An exact transcription of the lines from the one holding "Some of the text" to the end of the entries below, and nothing more, is the required answer. Please omit the pictures.

═══ SOURCE MATERIAL ═══

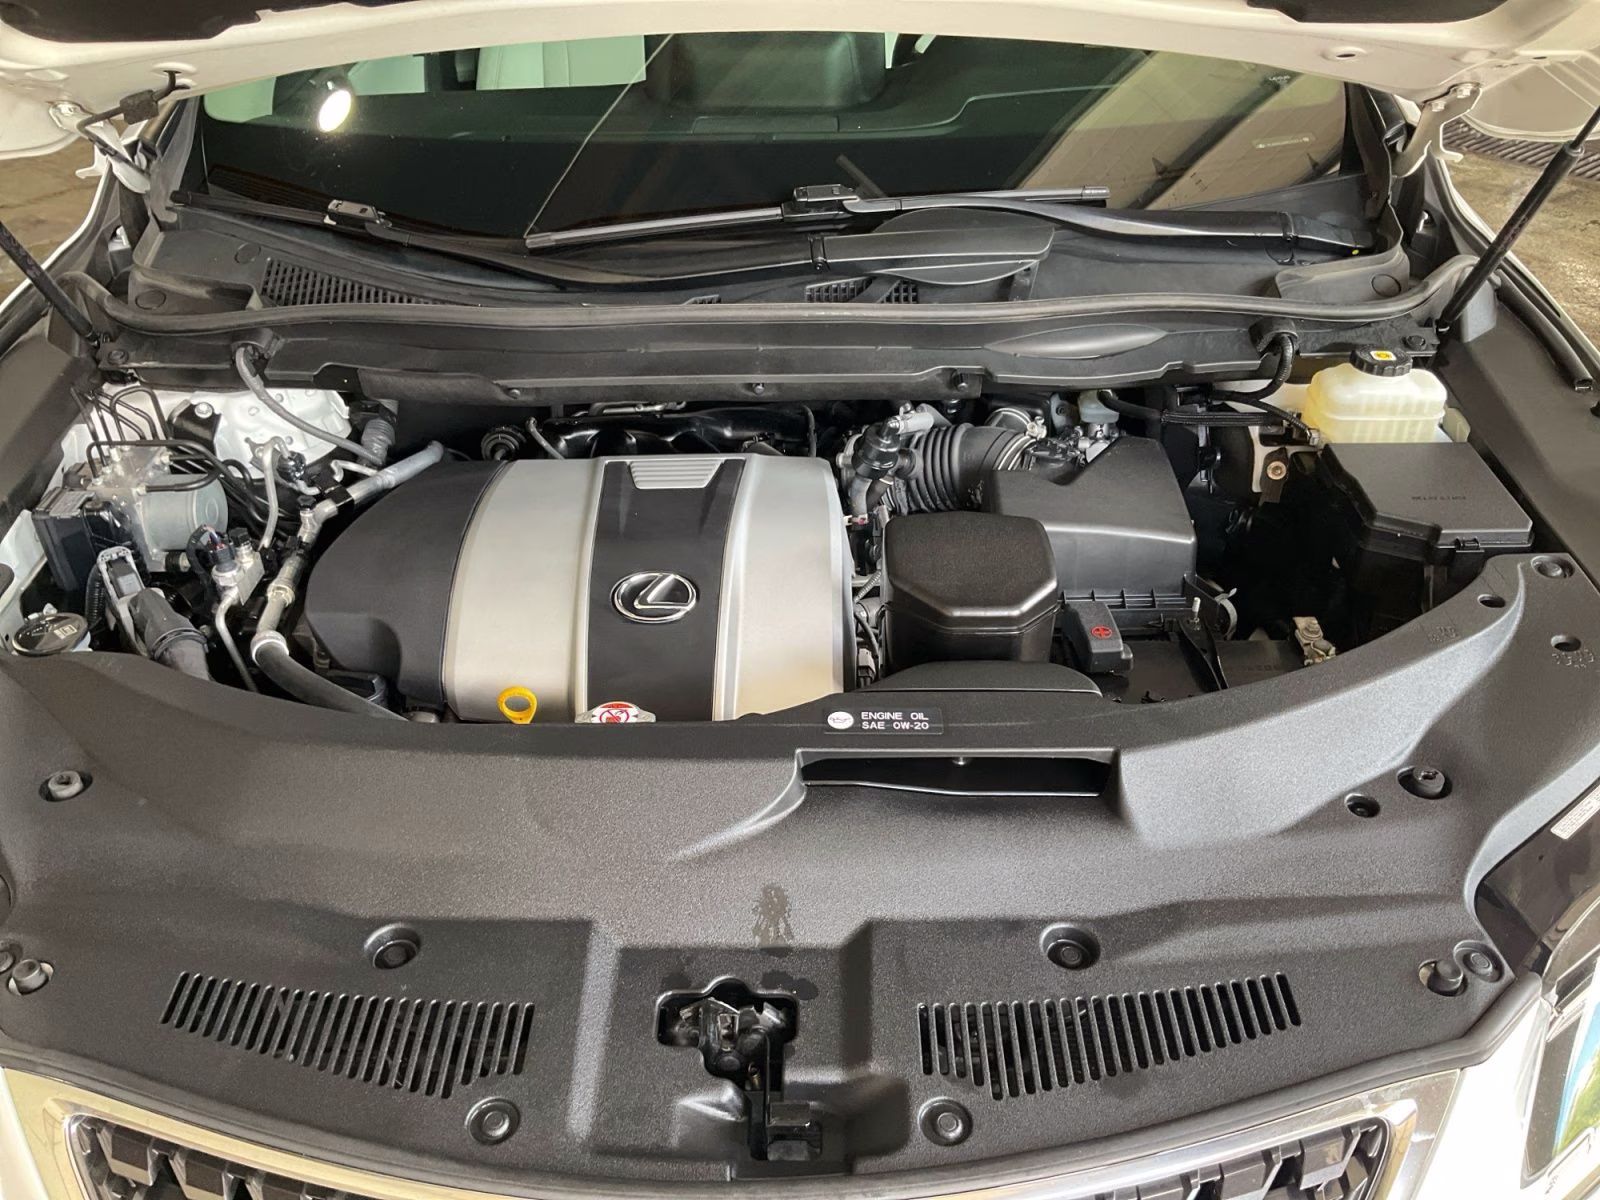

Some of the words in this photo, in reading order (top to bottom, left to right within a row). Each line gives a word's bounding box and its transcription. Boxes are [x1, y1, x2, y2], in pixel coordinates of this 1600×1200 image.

[861, 712, 903, 720] ENGINE
[910, 712, 929, 720] OIL
[862, 722, 885, 730] SAE
[893, 722, 930, 730] 0W-20
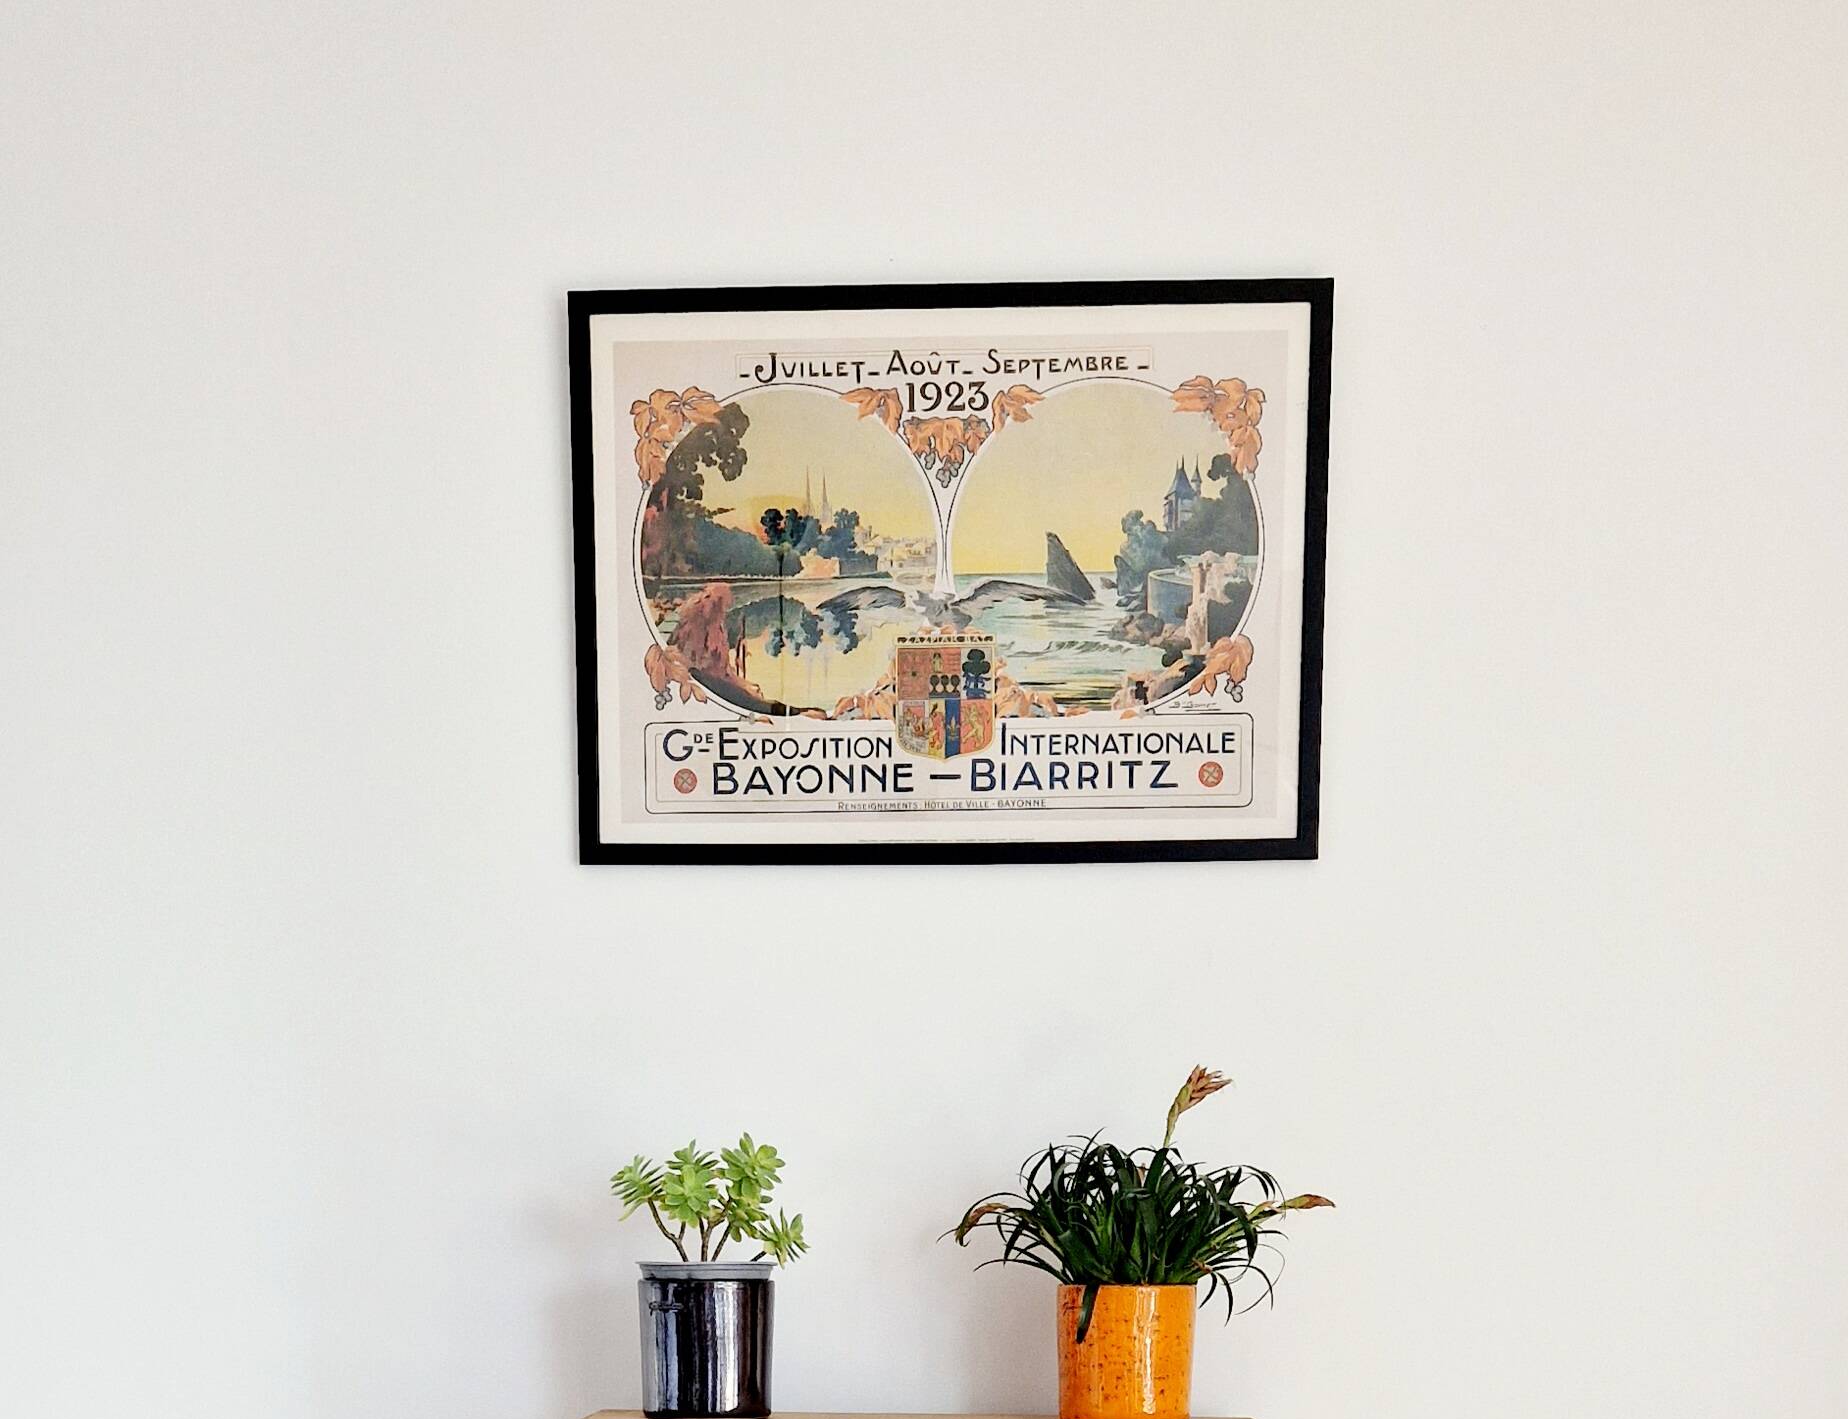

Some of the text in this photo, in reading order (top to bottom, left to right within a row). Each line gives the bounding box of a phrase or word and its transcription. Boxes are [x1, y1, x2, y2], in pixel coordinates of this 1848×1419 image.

[886, 350, 961, 376] AOÛT
[983, 348, 1129, 380] SEPTEMBRE
[905, 381, 990, 412] 1923
[719, 727, 892, 760] EXPOSITION
[1001, 722, 1236, 756] INTERNATIONALE
[713, 758, 1178, 795] BAYONNE BIARRITZ
[952, 801, 963, 809] DE
[966, 799, 990, 809] VILLE
[998, 798, 1047, 808] BAYONNE
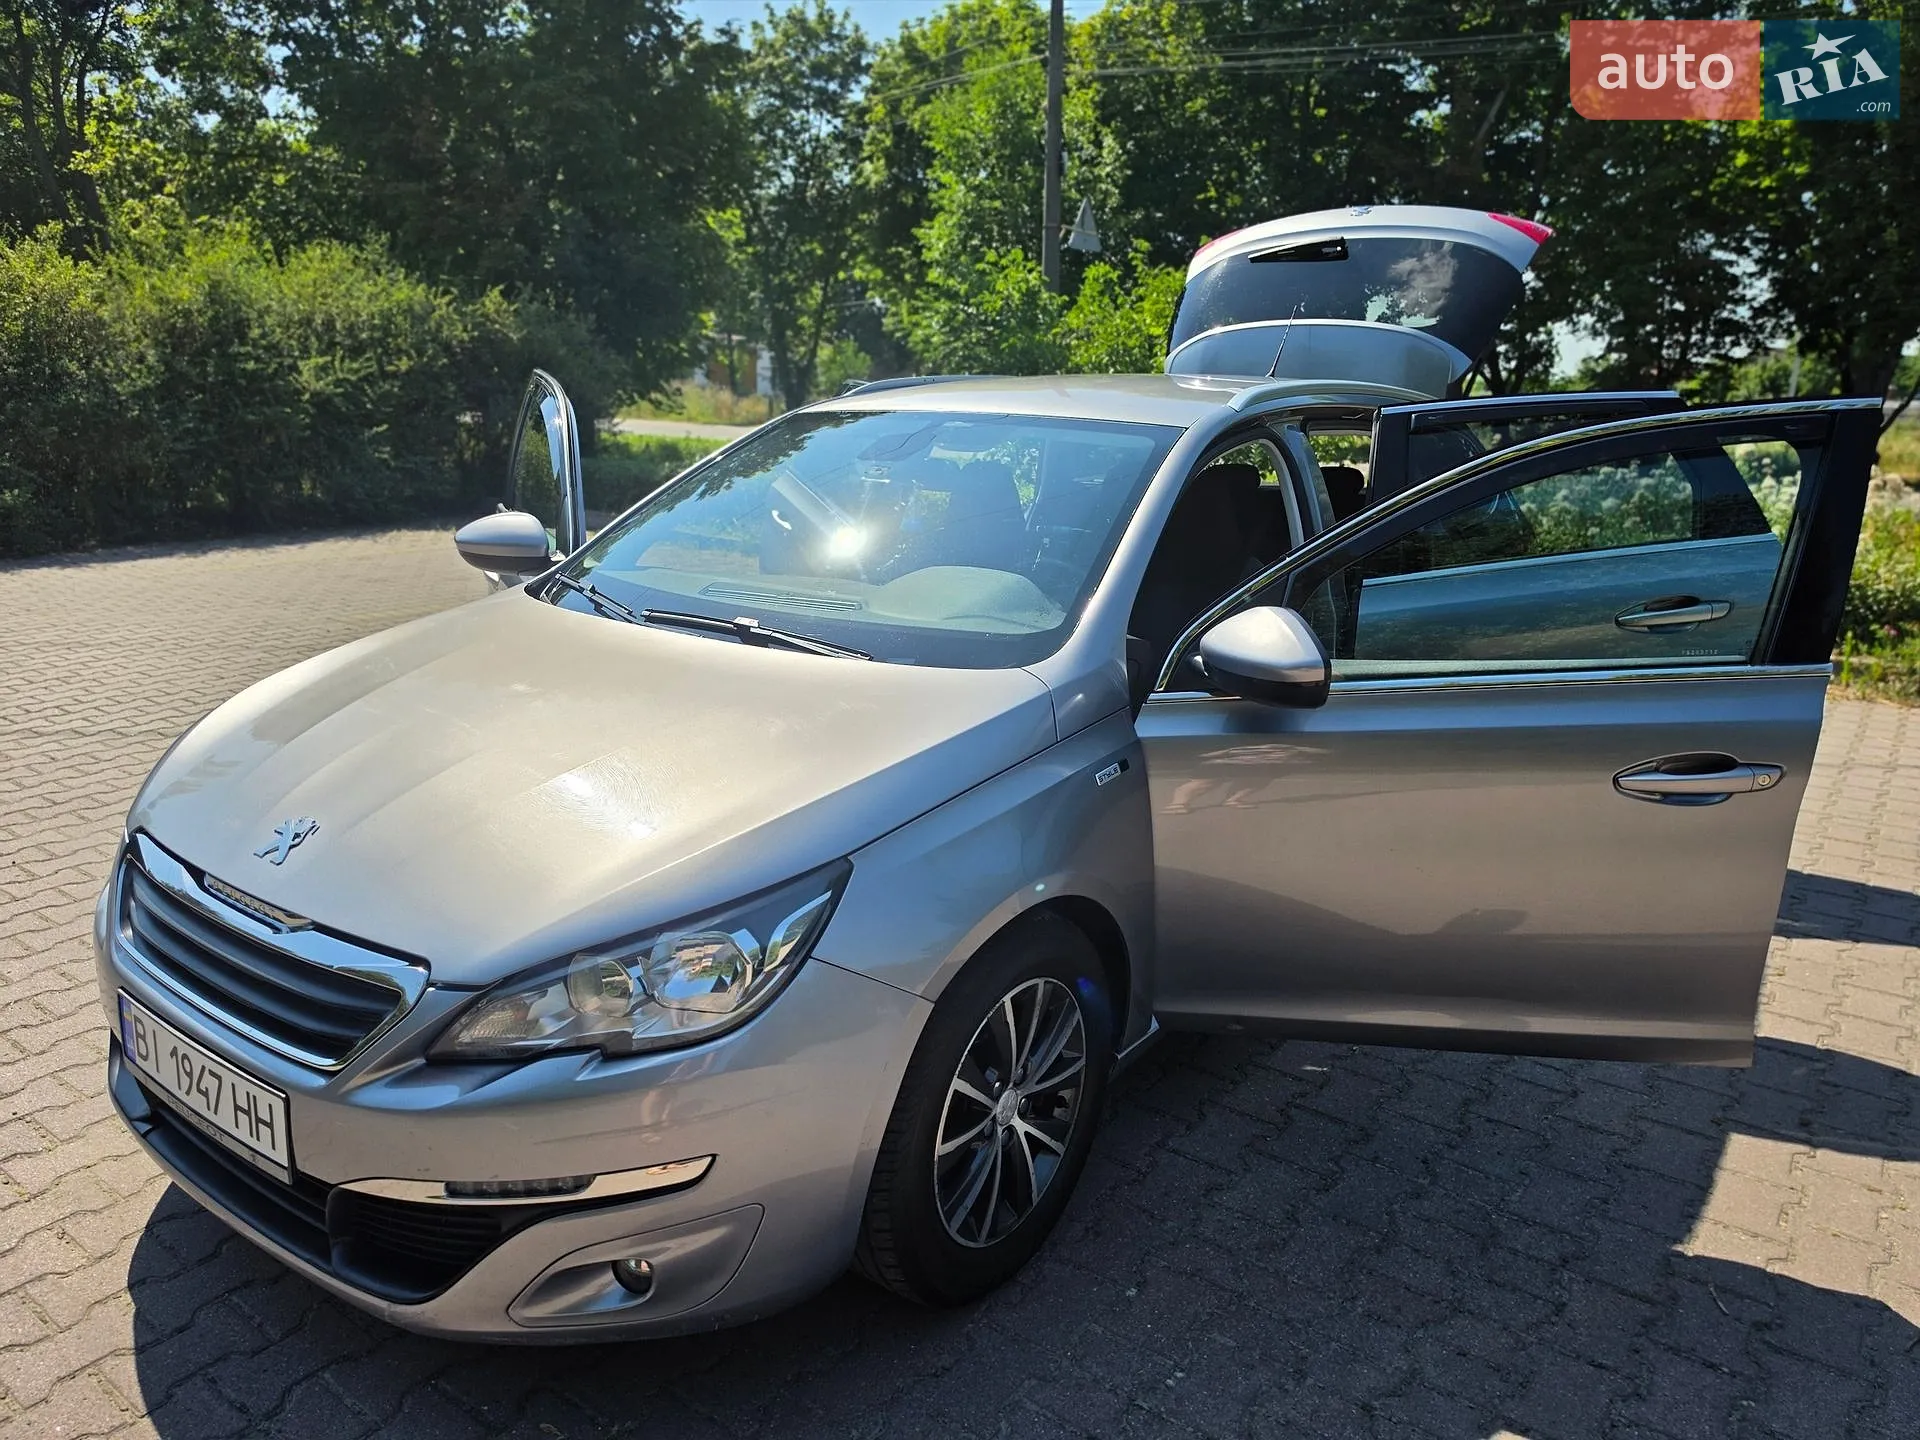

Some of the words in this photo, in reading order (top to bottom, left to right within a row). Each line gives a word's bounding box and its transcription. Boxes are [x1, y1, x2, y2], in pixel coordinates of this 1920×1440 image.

═══

● SOLUTION:
Some of the text in this photo, in reading order (top to bottom, left to right within a row). Each line gives the bounding box of a phrase or word and its transcription. Boxes are [x1, y1, x2, y2], in pixel coordinates of this 1848×1419 image.

[886, 350, 961, 376] AOÛT
[983, 348, 1129, 380] SEPTEMBRE
[905, 381, 990, 412] 1923
[719, 727, 892, 760] EXPOSITION
[1001, 722, 1236, 756] INTERNATIONALE
[713, 758, 1178, 795] BAYONNE BIARRITZ
[952, 801, 963, 809] DE
[966, 799, 990, 809] VILLE
[998, 798, 1047, 808] BAYONNE

Some of the words in this photo, in reading order (top to bottom, left to right within a row). Each line gives a word's bounding box and its transcription. Boxes are [x1, y1, x2, y2], in pixel coordinates of this 1920×1440 image.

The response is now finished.